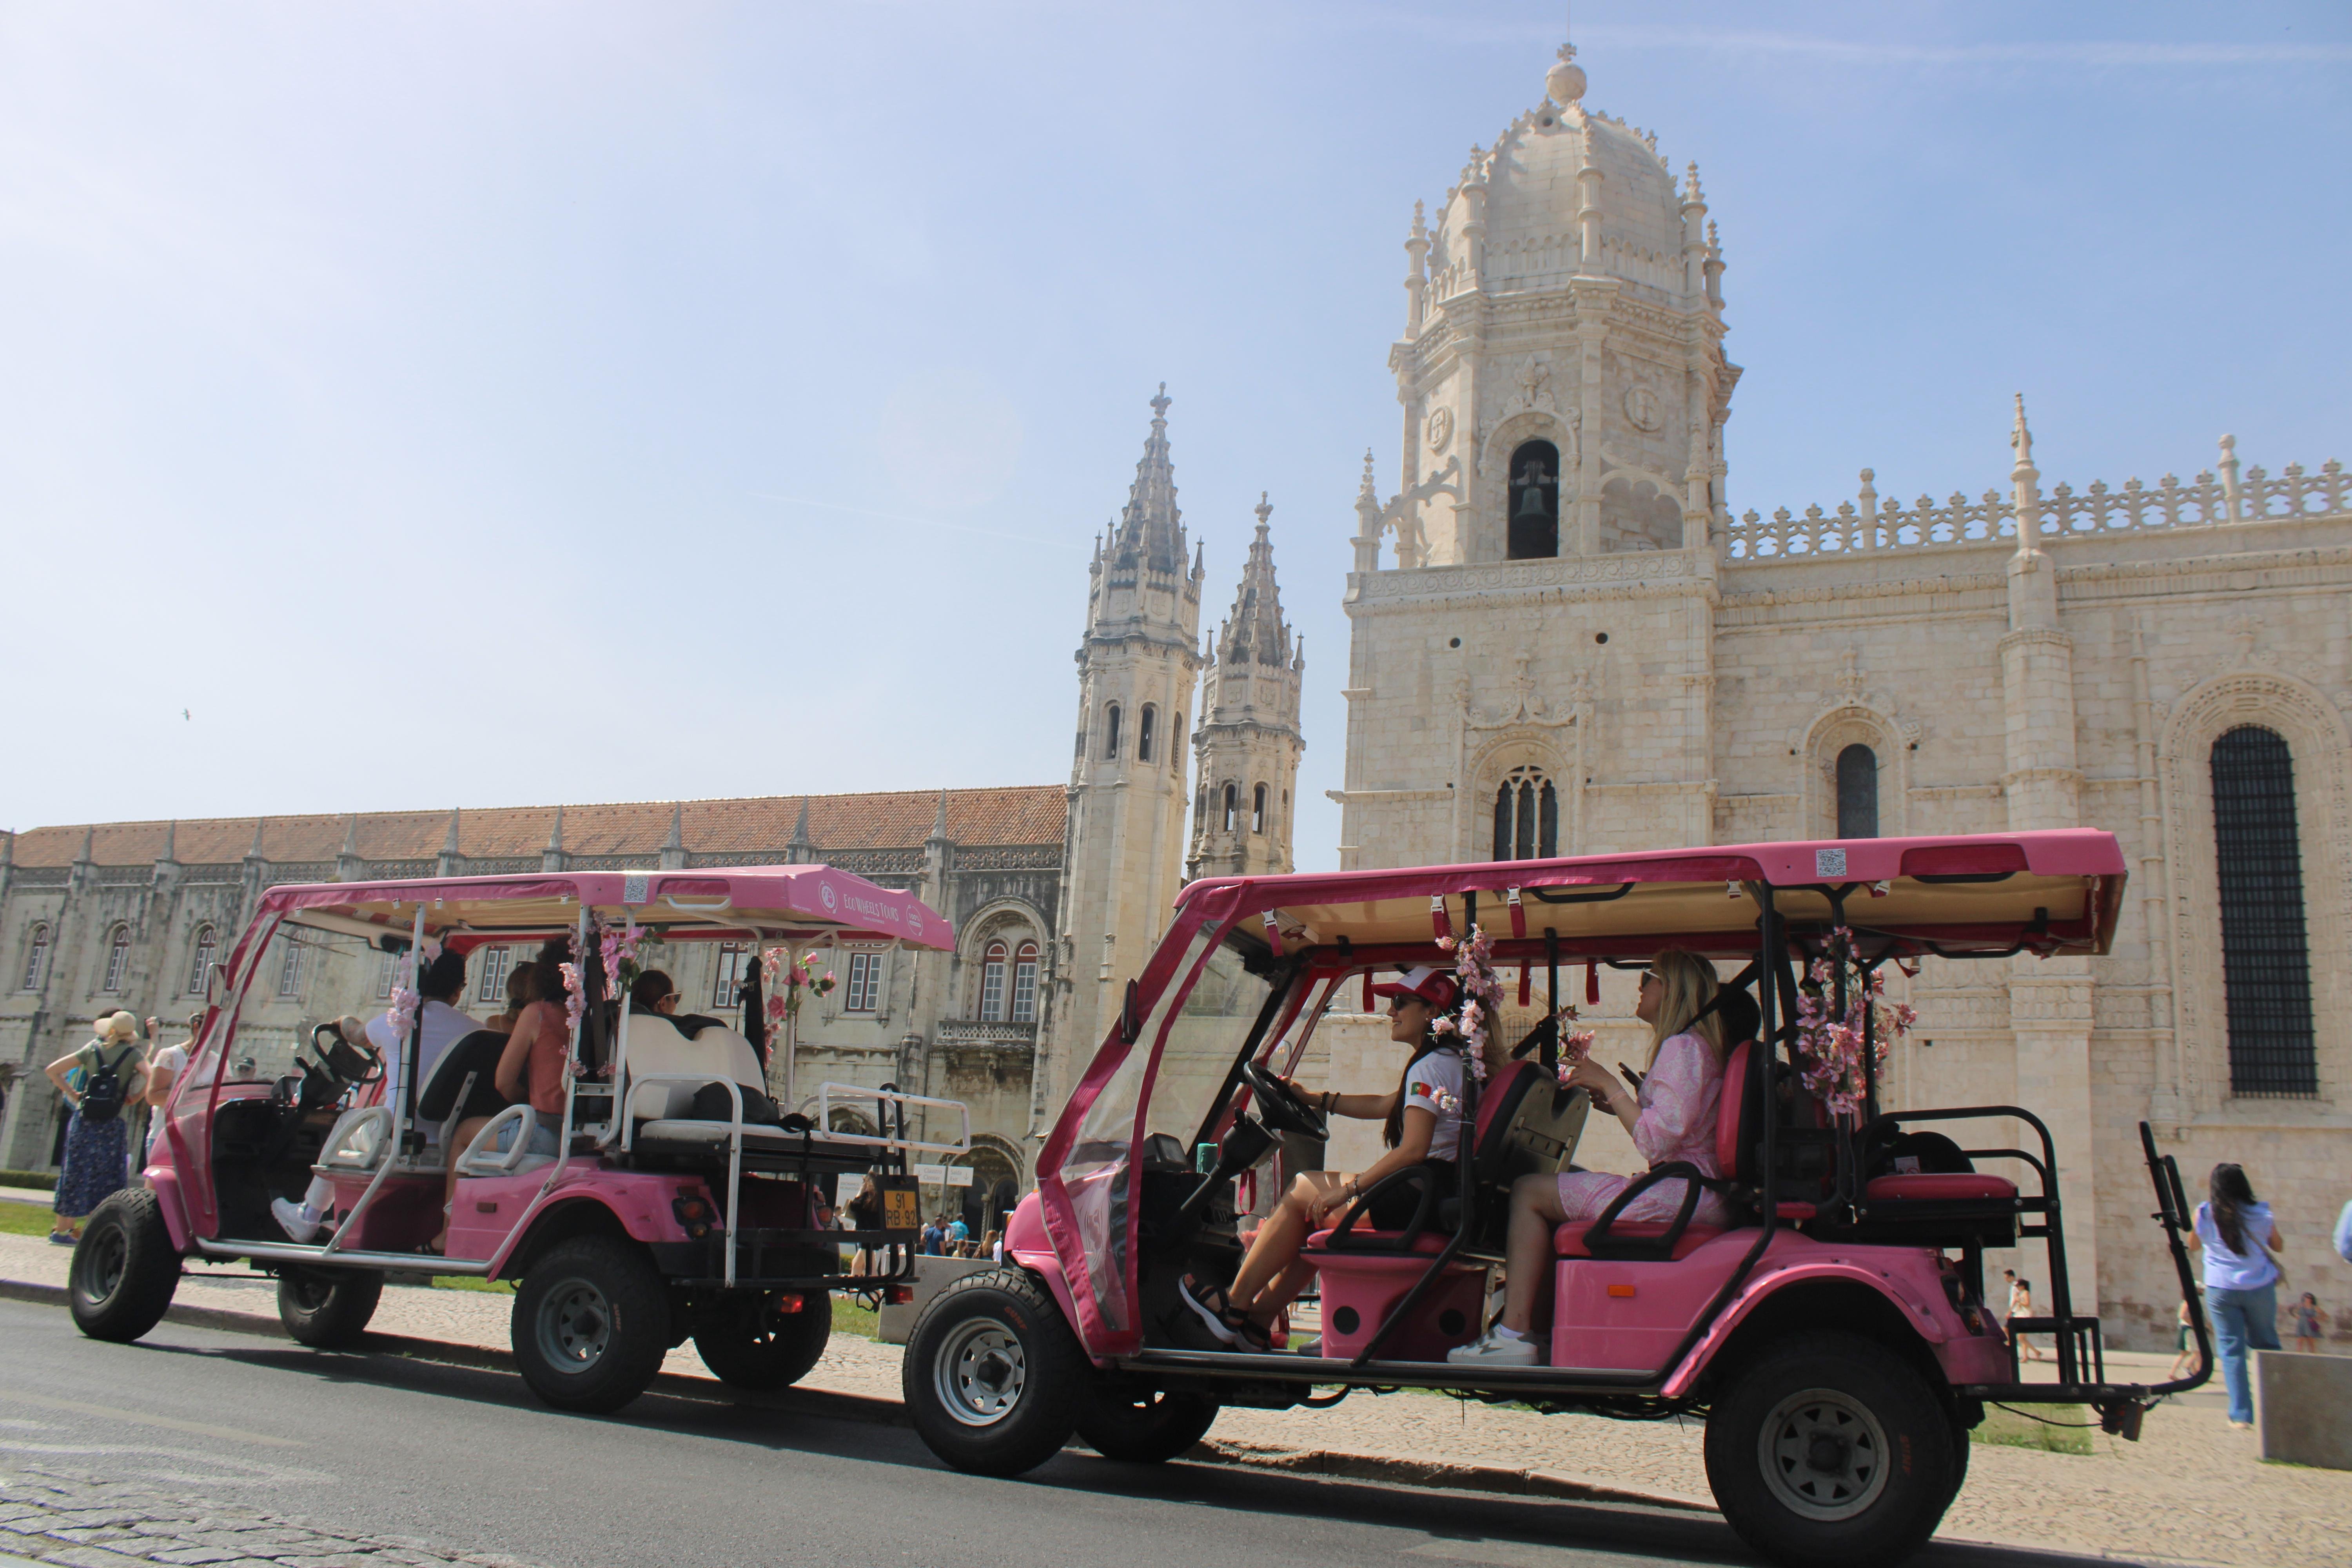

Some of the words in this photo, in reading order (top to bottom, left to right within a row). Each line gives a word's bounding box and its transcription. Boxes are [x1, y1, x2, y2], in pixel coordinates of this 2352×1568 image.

[879, 903, 899, 922] TOURS
[909, 913, 920, 922] 100%
[896, 1193, 905, 1209] 91
[1004, 1306, 1027, 1330] SUNF

• [ACTIVITY]: From the first line to the last, repeat the records above exactly, leaving out the pictures.

• [EXERCISE OUTPUT]:
Some of the words in this photo, in reading order (top to bottom, left to right within a row). Each line gives a word's bounding box and its transcription. Boxes are [x1, y1, x2, y2], in pixel coordinates of this 2352×1568 image.

[879, 903, 899, 922] TOURS
[909, 913, 920, 922] 100%
[896, 1193, 905, 1209] 91
[1004, 1306, 1027, 1330] SUNF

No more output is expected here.